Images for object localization
+++

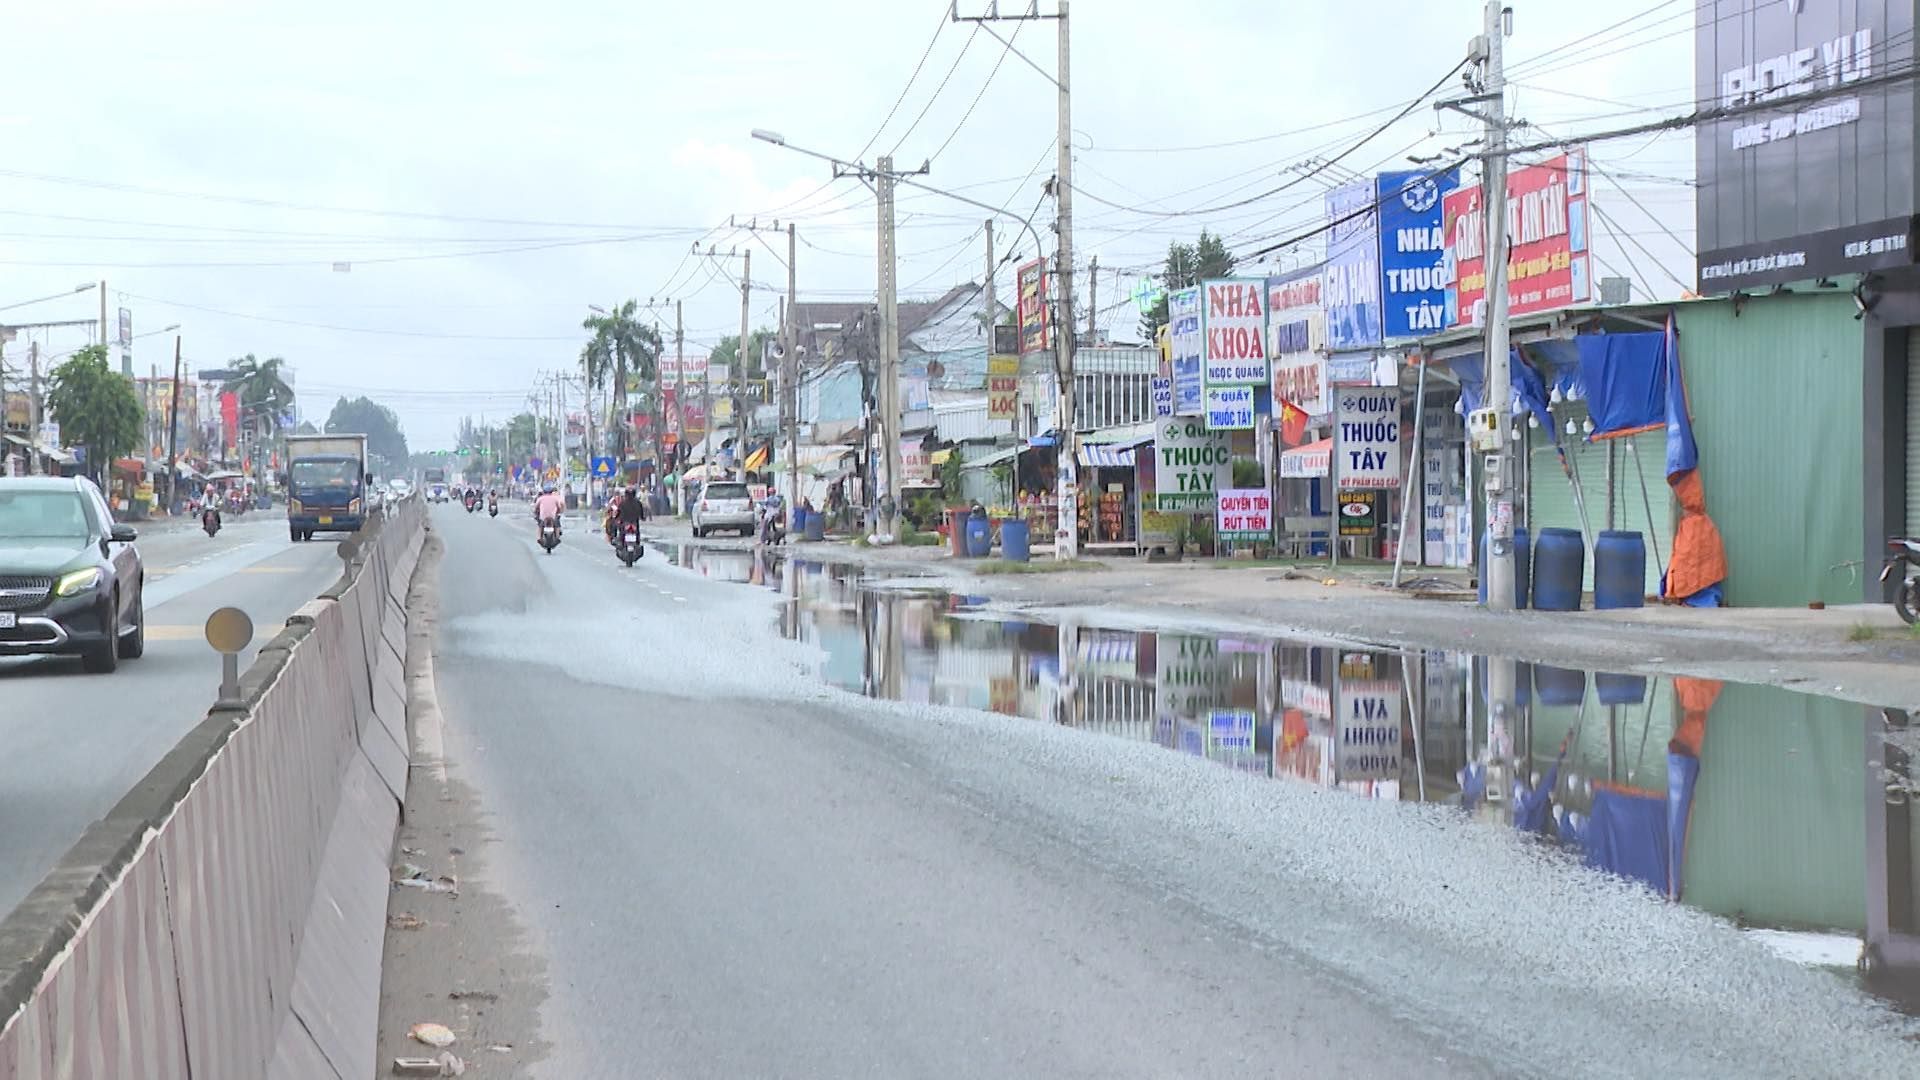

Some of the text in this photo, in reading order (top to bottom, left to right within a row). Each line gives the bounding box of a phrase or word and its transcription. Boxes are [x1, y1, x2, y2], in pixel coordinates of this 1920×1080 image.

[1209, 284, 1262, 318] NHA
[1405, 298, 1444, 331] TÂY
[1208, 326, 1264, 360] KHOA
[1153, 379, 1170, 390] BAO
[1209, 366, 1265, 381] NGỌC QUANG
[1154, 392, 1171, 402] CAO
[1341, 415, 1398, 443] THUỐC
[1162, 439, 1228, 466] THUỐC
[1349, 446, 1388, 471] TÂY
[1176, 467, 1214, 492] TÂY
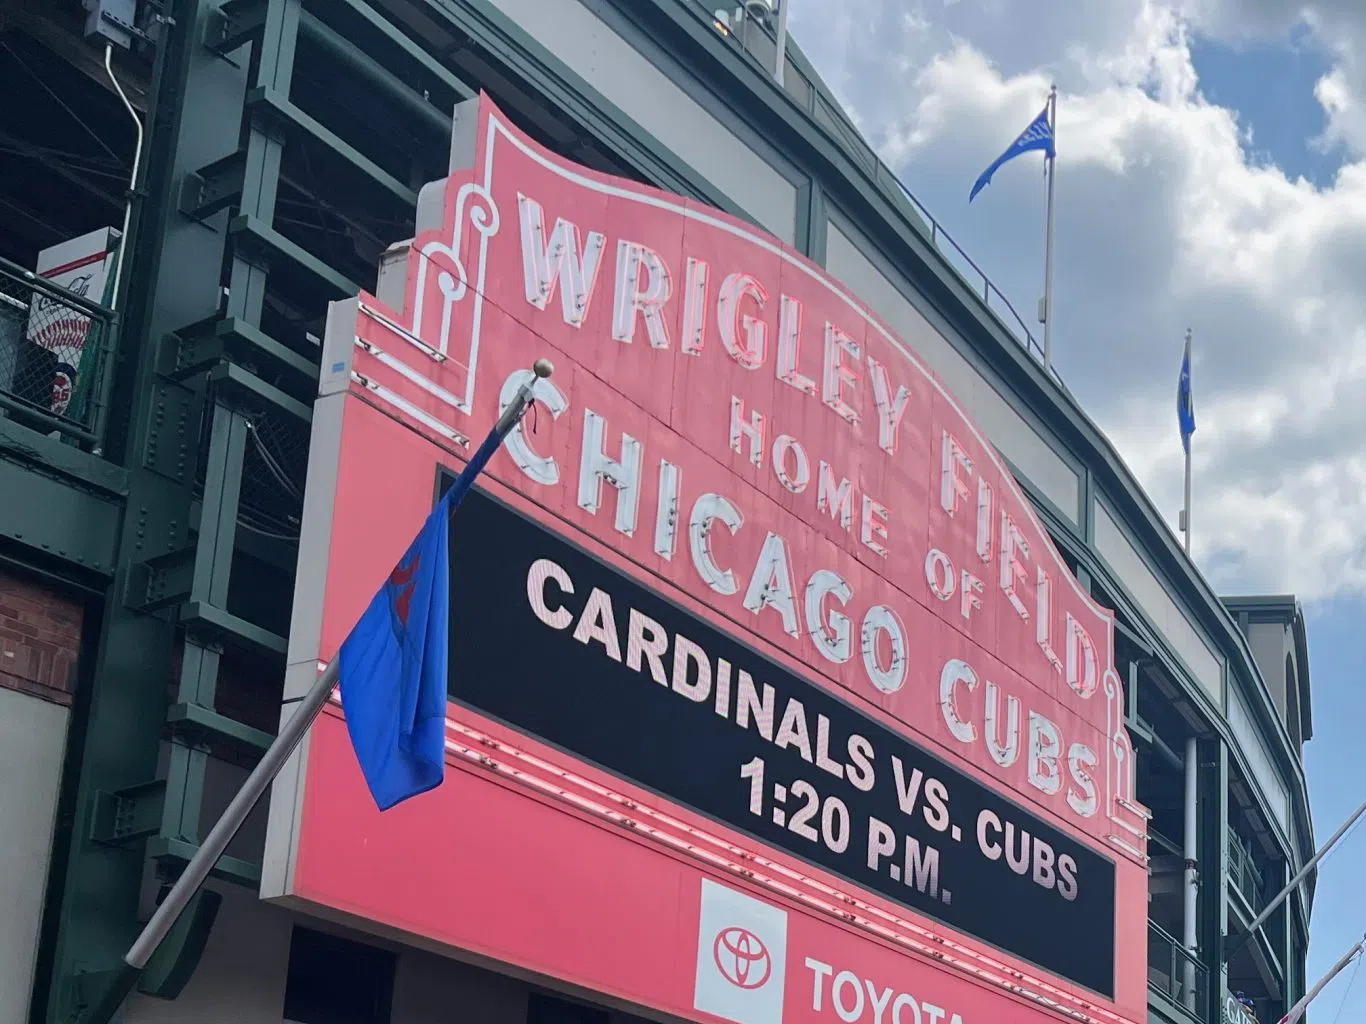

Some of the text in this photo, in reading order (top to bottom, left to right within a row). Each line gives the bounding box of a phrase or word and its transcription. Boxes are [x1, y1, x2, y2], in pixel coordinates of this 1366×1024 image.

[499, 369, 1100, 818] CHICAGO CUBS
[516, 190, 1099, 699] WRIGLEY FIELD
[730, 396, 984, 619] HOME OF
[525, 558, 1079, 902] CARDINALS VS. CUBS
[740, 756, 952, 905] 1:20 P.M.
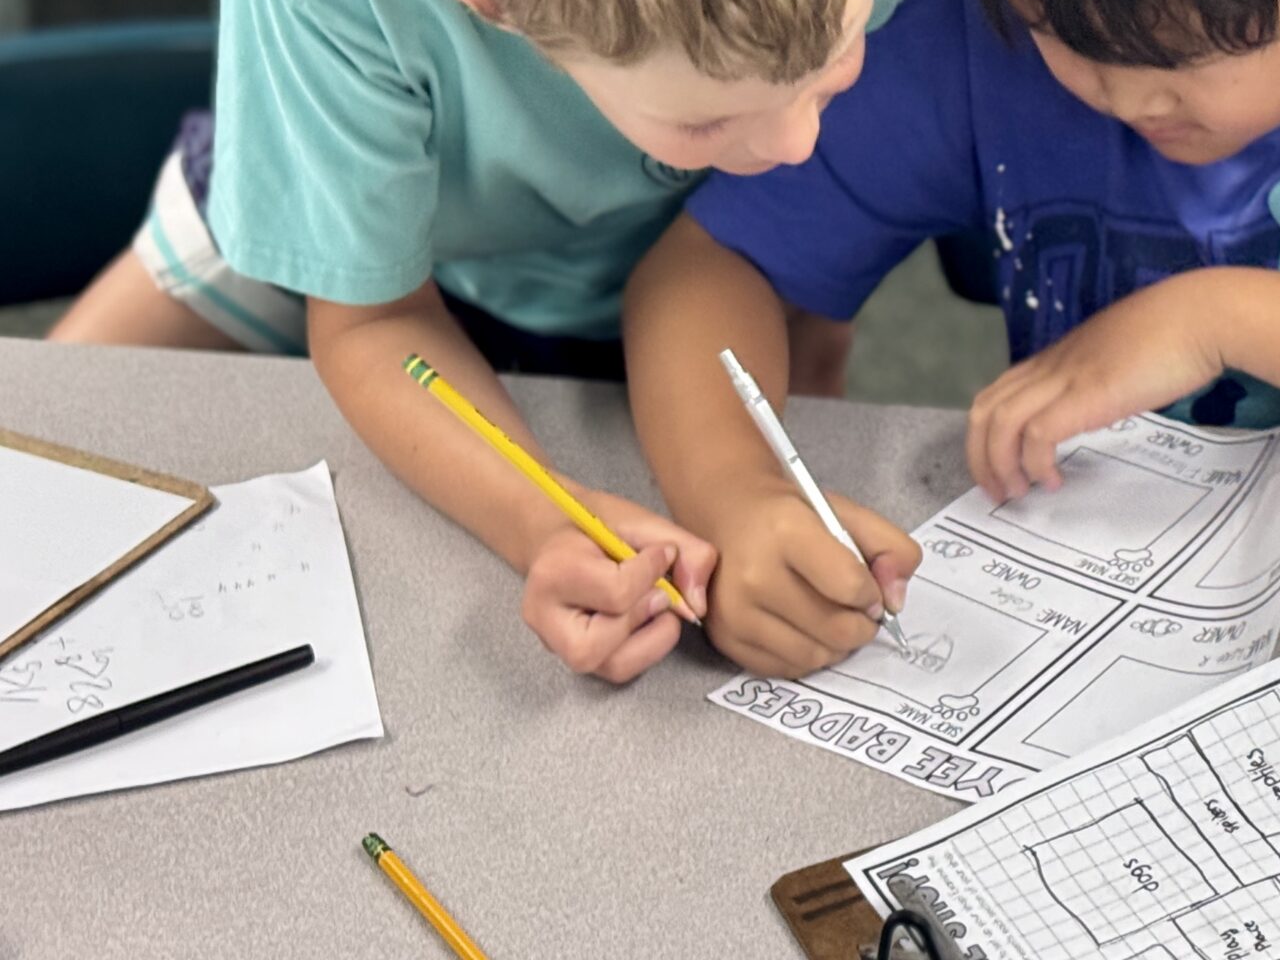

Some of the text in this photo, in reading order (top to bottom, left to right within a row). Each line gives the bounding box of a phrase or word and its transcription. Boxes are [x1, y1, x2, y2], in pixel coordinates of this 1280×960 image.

+++

Once the pictures are removed, set down what remains of the entries above exactly.

Some of the text in this photo, in reading order (top to bottom, left to right within a row). Each line gives the bounding box of a phrase or word and its transcription. Boxes are [x1, y1, x2, y2], in pixel coordinates of this 1920×1080 image.

[1209, 284, 1262, 318] NHA
[1405, 298, 1444, 331] TÂY
[1208, 326, 1264, 360] KHOA
[1153, 379, 1170, 390] BAO
[1209, 366, 1265, 381] NGỌC QUANG
[1154, 392, 1171, 402] CAO
[1341, 415, 1398, 443] THUỐC
[1162, 439, 1228, 466] THUỐC
[1349, 446, 1388, 471] TÂY
[1176, 467, 1214, 492] TÂY

Some of the text in this photo, in reading order (top to bottom, left to right within a row). Each line gives the bounding box of a phrase or word and its transcription. Boxes are [x1, y1, x2, y2], in pixel coordinates of this 1366×1024 image.

[499, 369, 1100, 818] CHICAGO CUBS
[516, 190, 1099, 699] WRIGLEY FIELD
[730, 396, 984, 619] HOME OF
[525, 558, 1079, 902] CARDINALS VS. CUBS
[740, 756, 952, 905] 1:20 P.M.

Some of the text in this photo, in reading order (top to bottom, left to right within a row). Each line gives the bounding box of a phrase or word and its transcription. Boxes are [x1, y1, x2, y2], in pixel coordinates of this 1280×960 image.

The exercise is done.